A few weeks ago I had a dream and I kept hearing a name repeated over and over. When I woke up, I thought the name might be important. The name was Joan Chittister. I knew I had heard her name once or twice before, but had no idea how or why. I shared my dream and several friends spoke up and said I needed to know more… One sweet student brought her personal book “Scarred By Struggle, Transformed By Hope” to share with me. This book has some unbelievable gems of wisdom.
It turns out that Joan Chittister is a Catholic Nun, but she is a thorn in the side of the Vatican. She is outspoken, fearless and thinks outside the box. As I learn more about her, I am amazed. She is an advocate of women, the poor, the earth and all of humanity. To me, she is a Yogi. She is an inspiration not only through her words, but also her actions. I am so grateful for the dream that awakened me to her offerings.
When reading her book last night I came across a few powerful paragraphs I thought I would share with you. I know they made my heart feel a bit lighter as I fell asleep.

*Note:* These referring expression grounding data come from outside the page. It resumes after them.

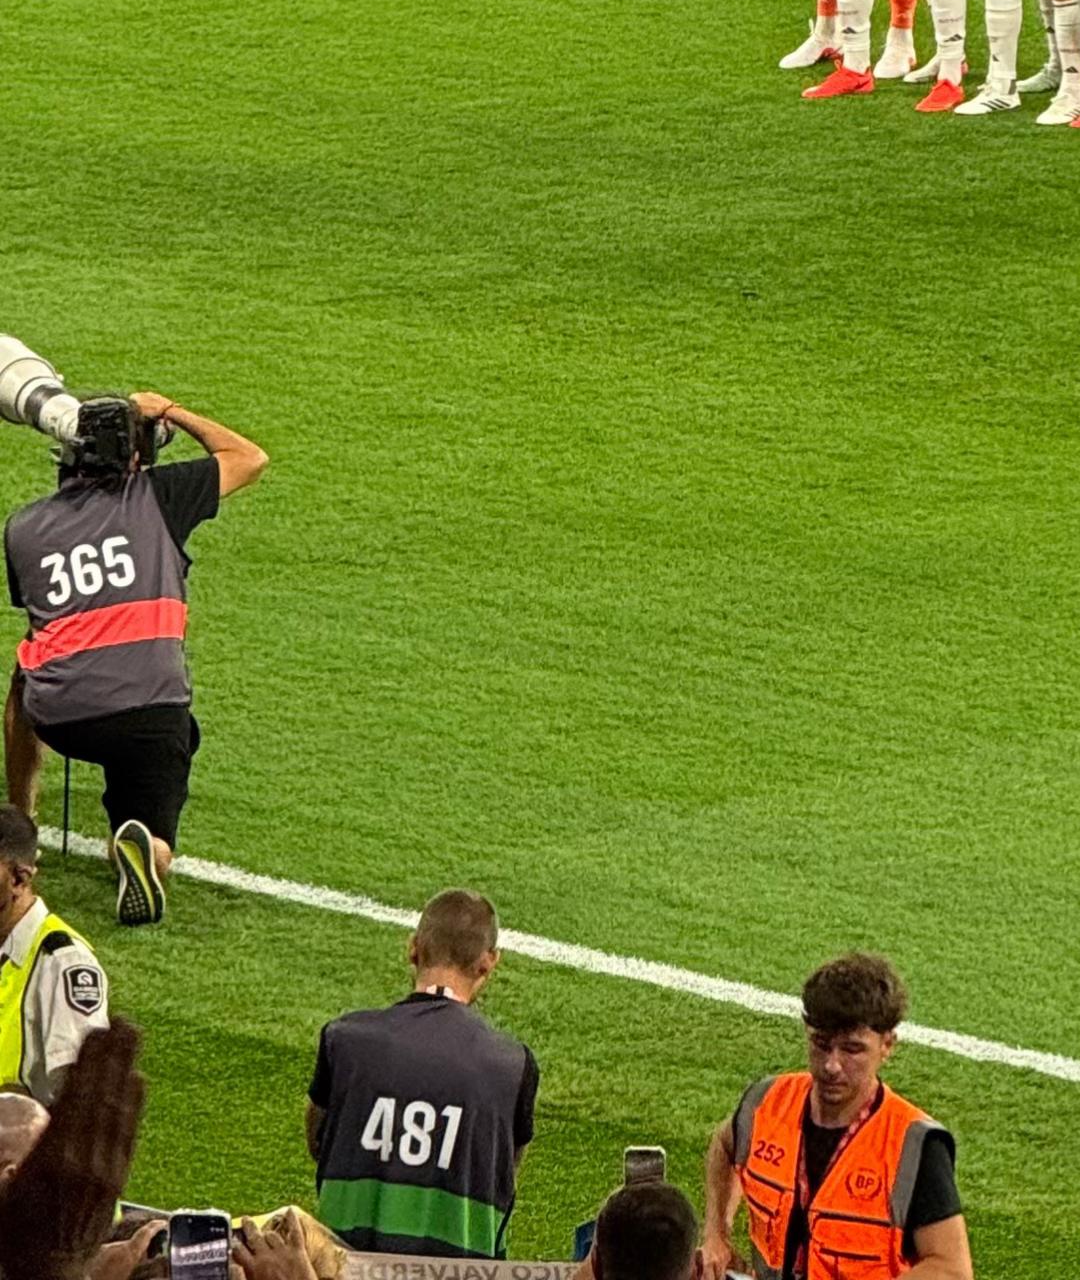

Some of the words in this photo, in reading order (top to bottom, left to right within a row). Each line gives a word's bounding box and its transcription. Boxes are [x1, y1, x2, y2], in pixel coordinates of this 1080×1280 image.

[40, 536, 136, 606] 365
[361, 1097, 463, 1170] 481
[753, 1140, 785, 1167] 252
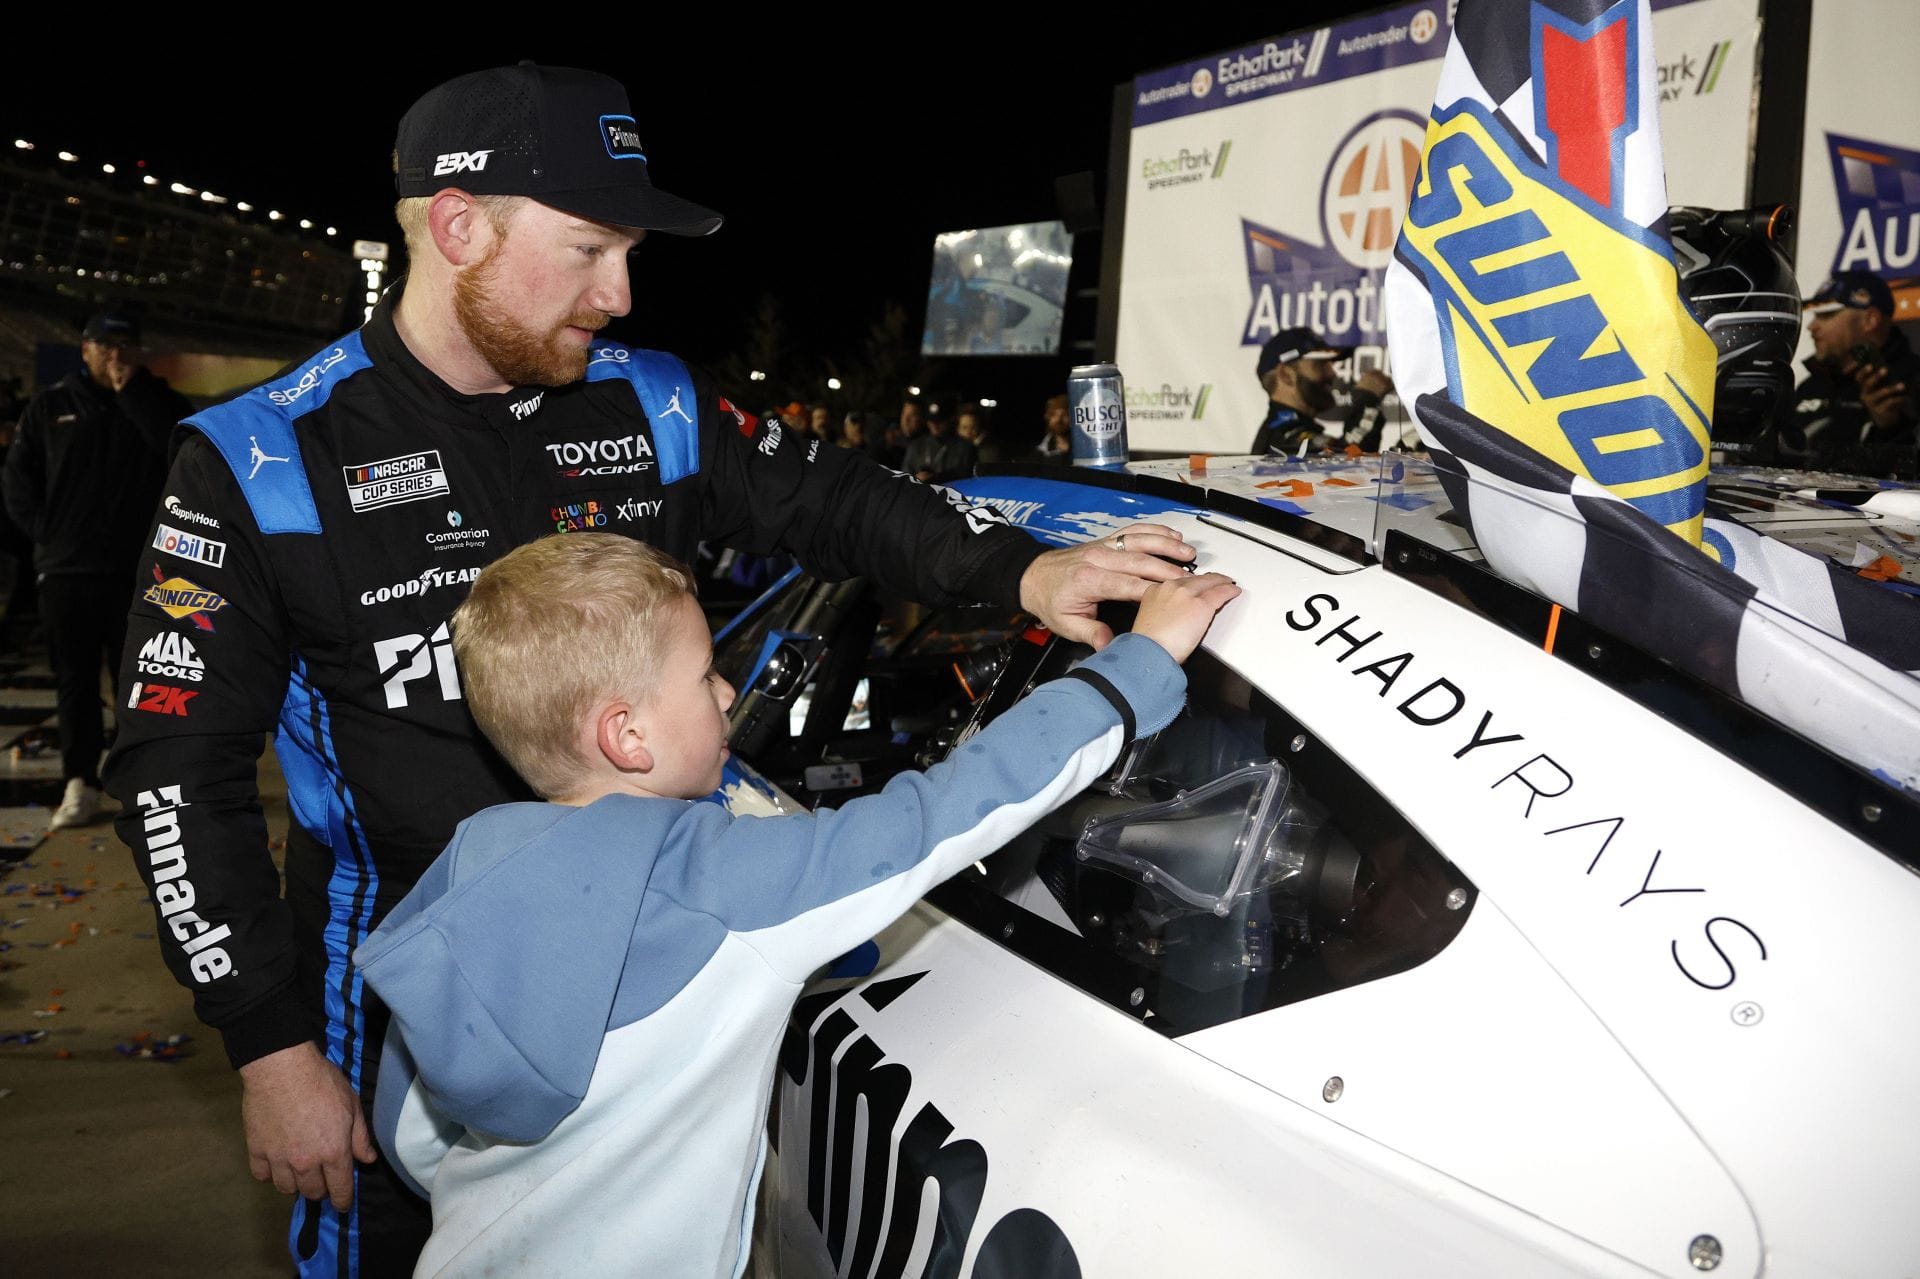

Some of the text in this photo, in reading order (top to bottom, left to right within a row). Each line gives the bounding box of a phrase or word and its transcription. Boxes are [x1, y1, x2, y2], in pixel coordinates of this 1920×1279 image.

[1218, 40, 1305, 83] EchoPark
[1225, 69, 1297, 97] SPEEDWAY
[545, 434, 653, 466] TOYOTA
[374, 456, 426, 479] NASCAR
[362, 475, 433, 501] CUP SERIES
[155, 526, 215, 561] Mobil 1
[426, 528, 490, 544] Comparion
[146, 585, 221, 610] SUNOCO
[139, 631, 205, 670] MAC
[138, 660, 204, 682] TOOLS

… To go on going on, in the face of repeated failures, despite being clearly damaged, in full view of a world that sees us to have been wounded, is to discover what it really means to be human. It is also the moment in which we are given the opportunity to reinvent ourselves, to become the rest of what we are able to be.

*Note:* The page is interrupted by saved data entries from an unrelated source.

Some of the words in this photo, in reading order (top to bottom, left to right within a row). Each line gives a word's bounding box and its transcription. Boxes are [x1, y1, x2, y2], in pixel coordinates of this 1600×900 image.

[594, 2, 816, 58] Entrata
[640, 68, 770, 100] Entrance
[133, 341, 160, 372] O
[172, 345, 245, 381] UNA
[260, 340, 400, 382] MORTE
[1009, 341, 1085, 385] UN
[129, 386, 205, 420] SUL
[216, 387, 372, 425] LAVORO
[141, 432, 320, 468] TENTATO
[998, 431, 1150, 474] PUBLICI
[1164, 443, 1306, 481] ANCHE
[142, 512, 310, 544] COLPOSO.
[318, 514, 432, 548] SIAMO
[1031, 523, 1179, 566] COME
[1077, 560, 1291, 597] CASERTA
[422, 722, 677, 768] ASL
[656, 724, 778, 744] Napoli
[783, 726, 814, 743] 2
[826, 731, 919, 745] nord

…To be less than perfect in a culture and an era that expects perfection rankles our sense of self. It puts into jeopardy all the unassailability we work so hard to imply…

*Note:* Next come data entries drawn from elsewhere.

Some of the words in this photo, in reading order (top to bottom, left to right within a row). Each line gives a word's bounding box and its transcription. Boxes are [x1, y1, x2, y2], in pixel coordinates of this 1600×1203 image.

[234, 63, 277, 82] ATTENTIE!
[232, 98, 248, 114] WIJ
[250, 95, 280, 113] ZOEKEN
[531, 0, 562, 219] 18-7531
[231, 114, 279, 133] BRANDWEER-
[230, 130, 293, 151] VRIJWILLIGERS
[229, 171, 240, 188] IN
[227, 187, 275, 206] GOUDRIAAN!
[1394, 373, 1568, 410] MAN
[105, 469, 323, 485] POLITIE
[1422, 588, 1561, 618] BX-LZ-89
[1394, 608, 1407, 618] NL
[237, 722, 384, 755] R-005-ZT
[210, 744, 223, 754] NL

…We have compassion for the handicapped but we find it uncomfortable to deal with them– not because we don’t know what to do for them, but perhaps because they remind us of how fragile, how limited we all really are in one way or another. They make naked all the weaknesses in ourselves that we most fear: that we, too, cannot really stand on our own two feet; that we, too, cannot sometimes see what’s before our eyes; that we, too, cannot speak clearly enough what we wish we could say; that our souls, too, are twisted and confused and bowed down with the weight of living as their bodies.
…We have put too much emphasis on the false perfection of fundamentally imperfect situations, we have overlooked those things in life that are really the ground of our truest strengths: the possibility of conversion, the call to independent thinking, faith in the presence of God, the courage to persist, surrender to the meanings of the moment, and a sense of limits that lead us to take our proper place in the human race.
…The struggle to deny our vulnerabilities is the struggle to live a lie. It’s not really difficult to determine how comfortable people are with their own limitations. It can be measured by the way they treat the limitations of others.
…Vulnerability is the call to self-acceptance. It is the great liberating moment on the human journey.
Welcome vulnerability and imperfection. They just might be the greatest gifts from which we have spent years trying to hide.